• [Exercise] The full listing, minus its pictures, should be printed again exactly as it stands.

• [Raw data]

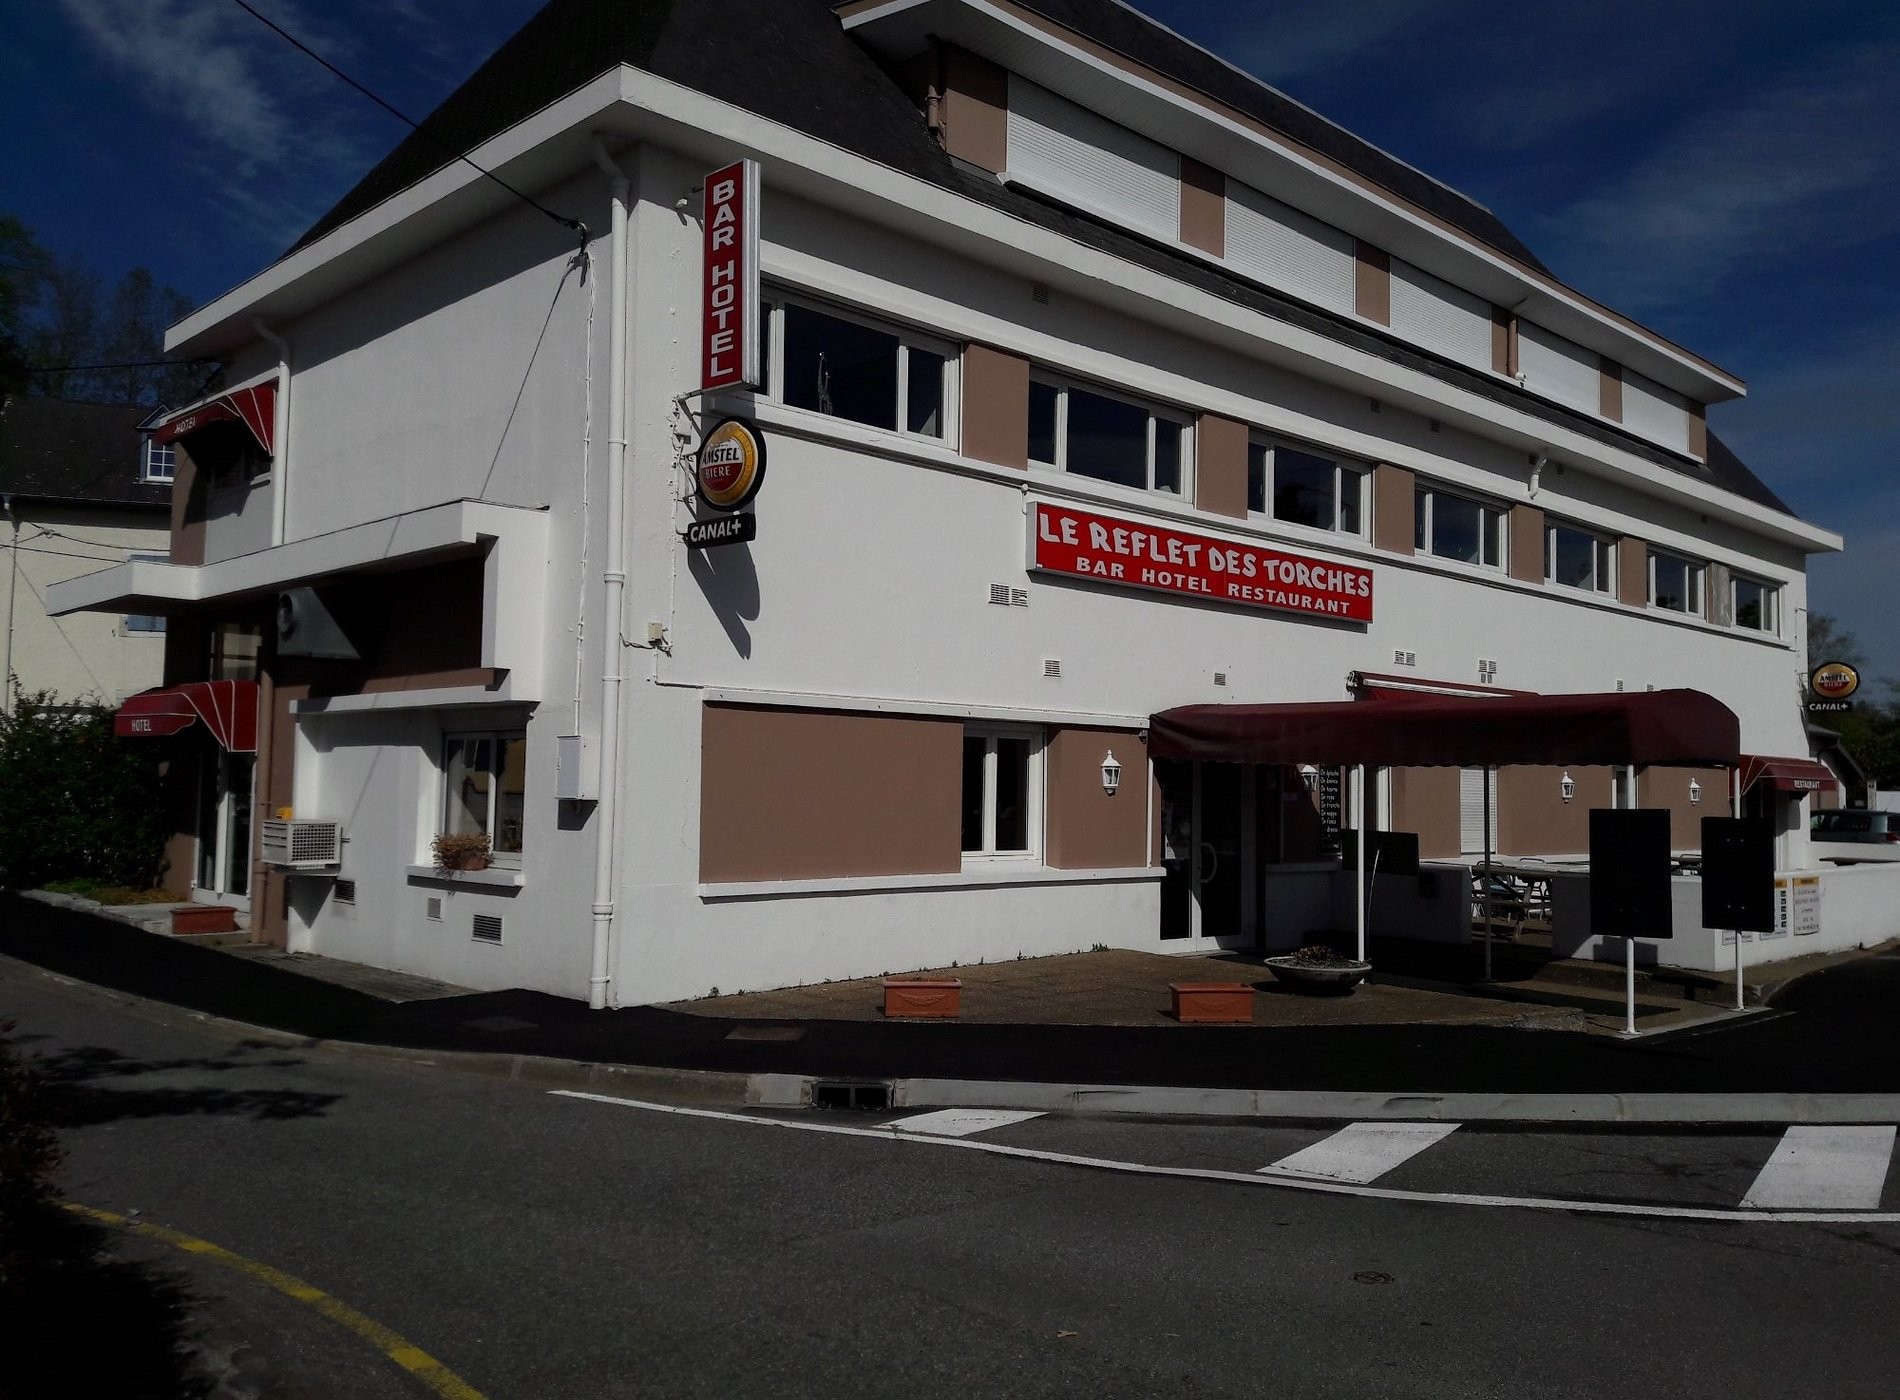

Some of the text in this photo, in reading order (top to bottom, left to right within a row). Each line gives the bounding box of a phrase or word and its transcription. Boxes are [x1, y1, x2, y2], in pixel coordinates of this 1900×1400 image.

[710, 179, 735, 378] BAR HOTEL
[702, 447, 740, 465] AMSTEL
[705, 466, 731, 479] BIERE
[690, 518, 741, 543] CANAL+
[1039, 512, 1370, 598] LE REFLET DES TORCHES
[1076, 556, 1350, 614] BAR HOTEL RESTAURANT
[1809, 702, 1848, 711] CANAL+
[131, 719, 152, 732] HOTEL
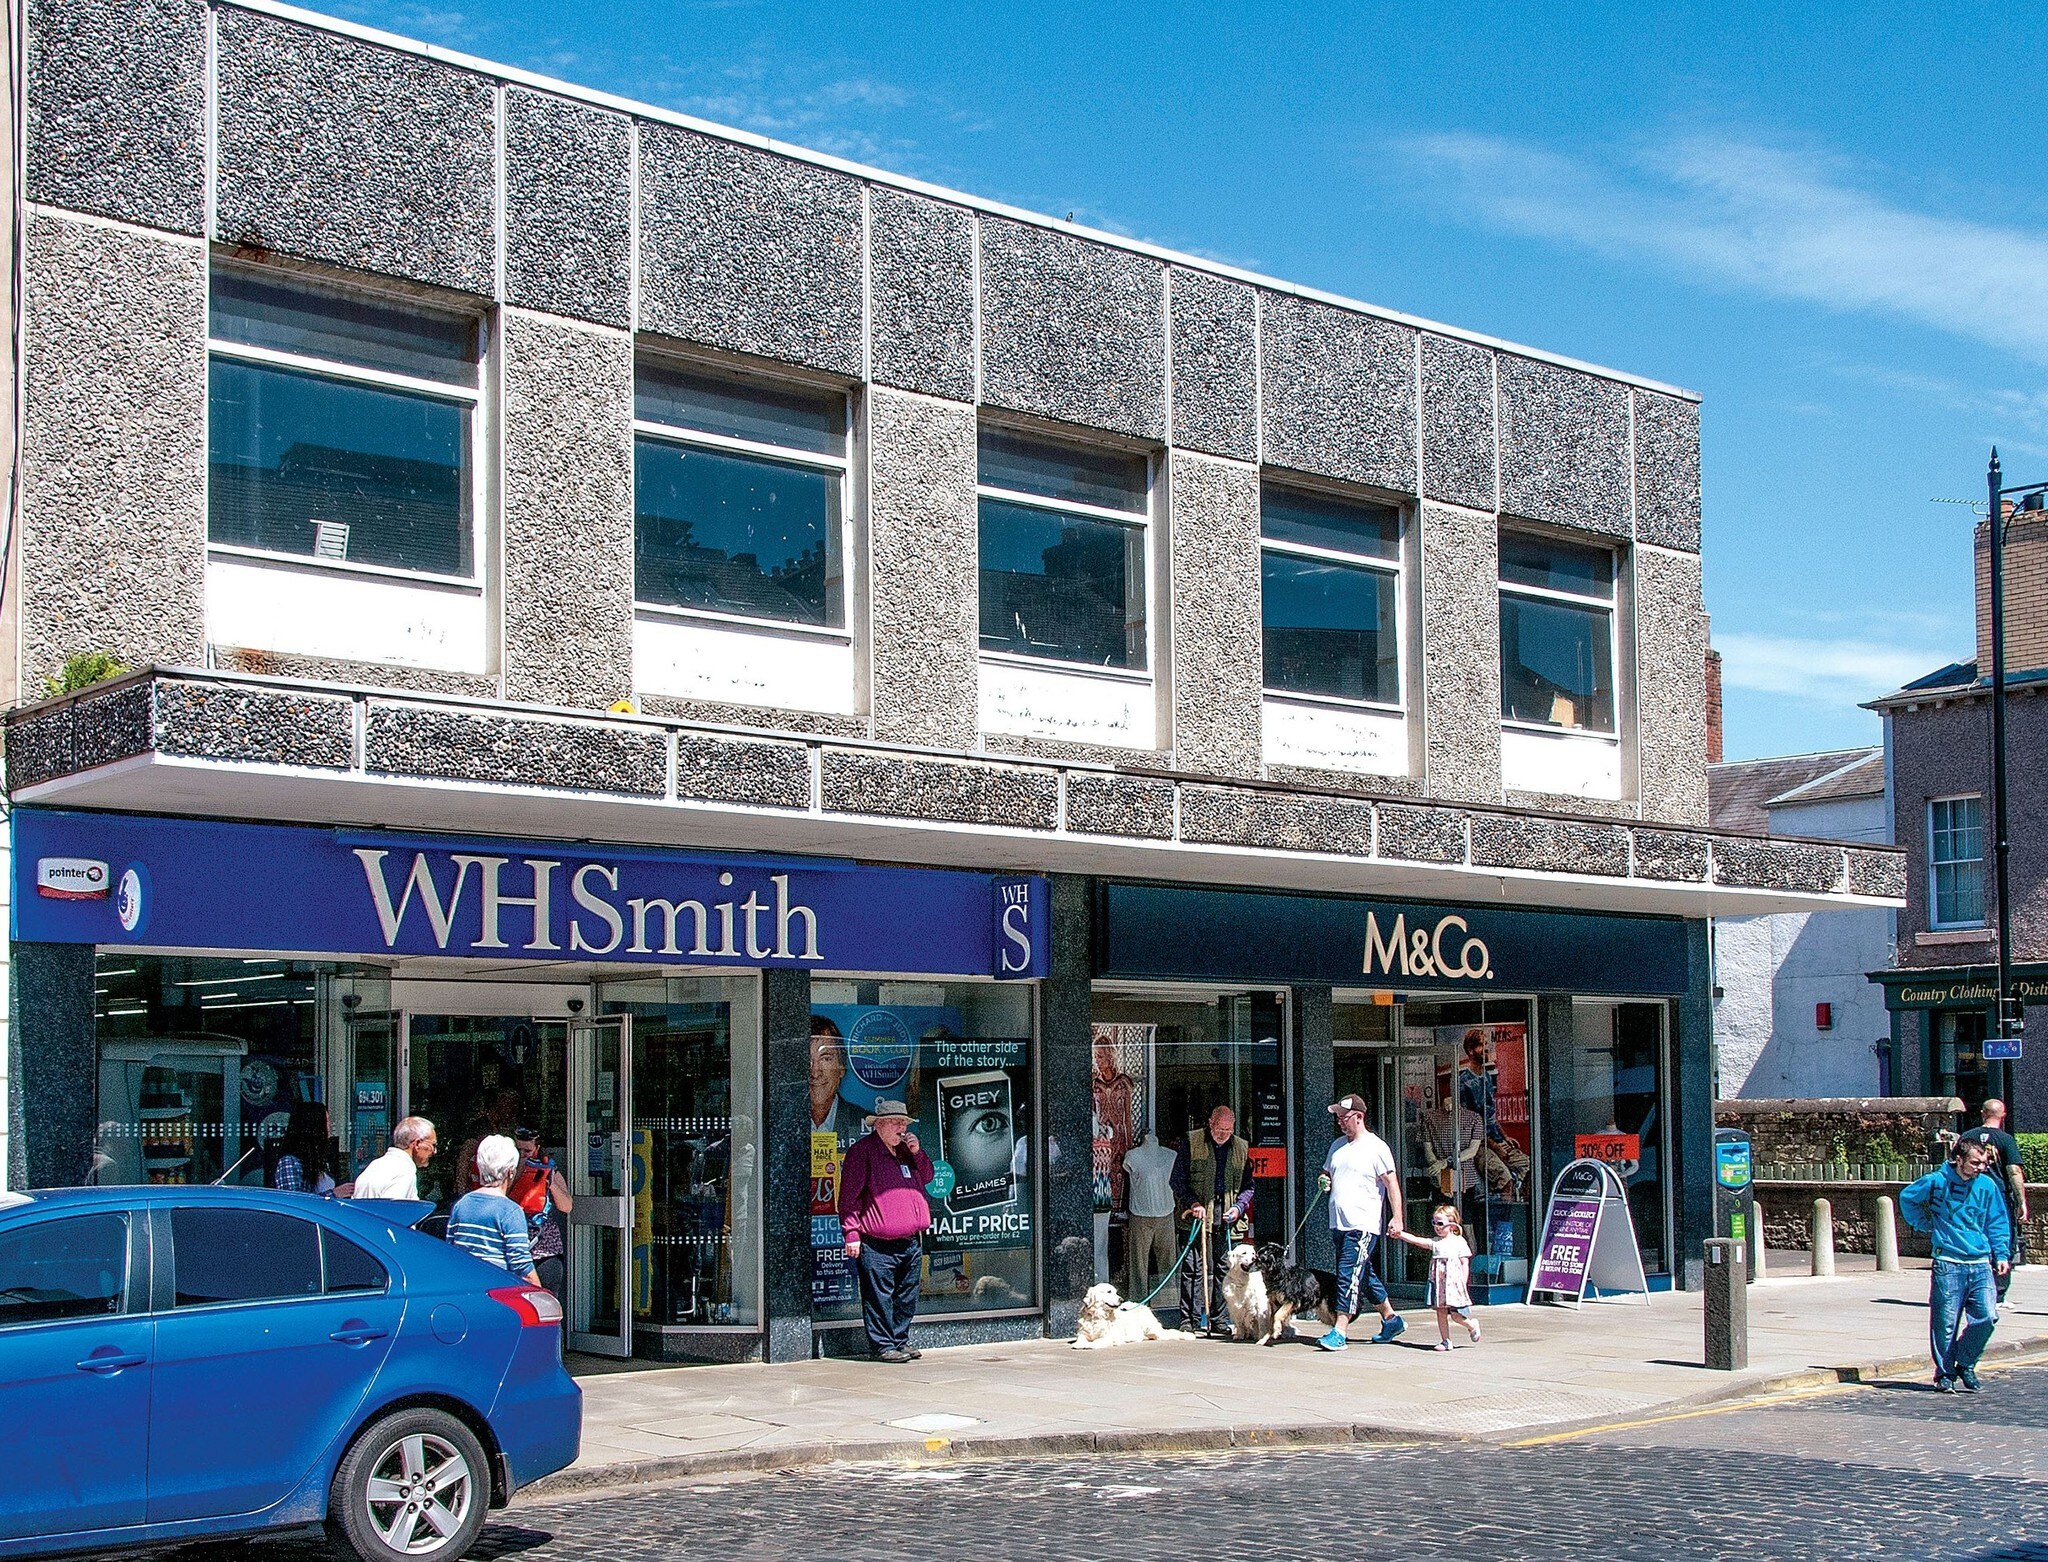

• [Problem solution]
Some of the text in this photo, in reading order (top to bottom, left to right within a row). Each line gives the bounding box of a phrase or word and its transcription. Boxes are [x1, y1, x2, y2], in pixel coordinates of this 1900×1400 image.

[710, 179, 735, 378] BAR HOTEL
[702, 447, 740, 465] AMSTEL
[705, 466, 731, 479] BIERE
[690, 518, 741, 543] CANAL+
[1039, 512, 1370, 598] LE REFLET DES TORCHES
[1076, 556, 1350, 614] BAR HOTEL RESTAURANT
[1809, 702, 1848, 711] CANAL+
[131, 719, 152, 732] HOTEL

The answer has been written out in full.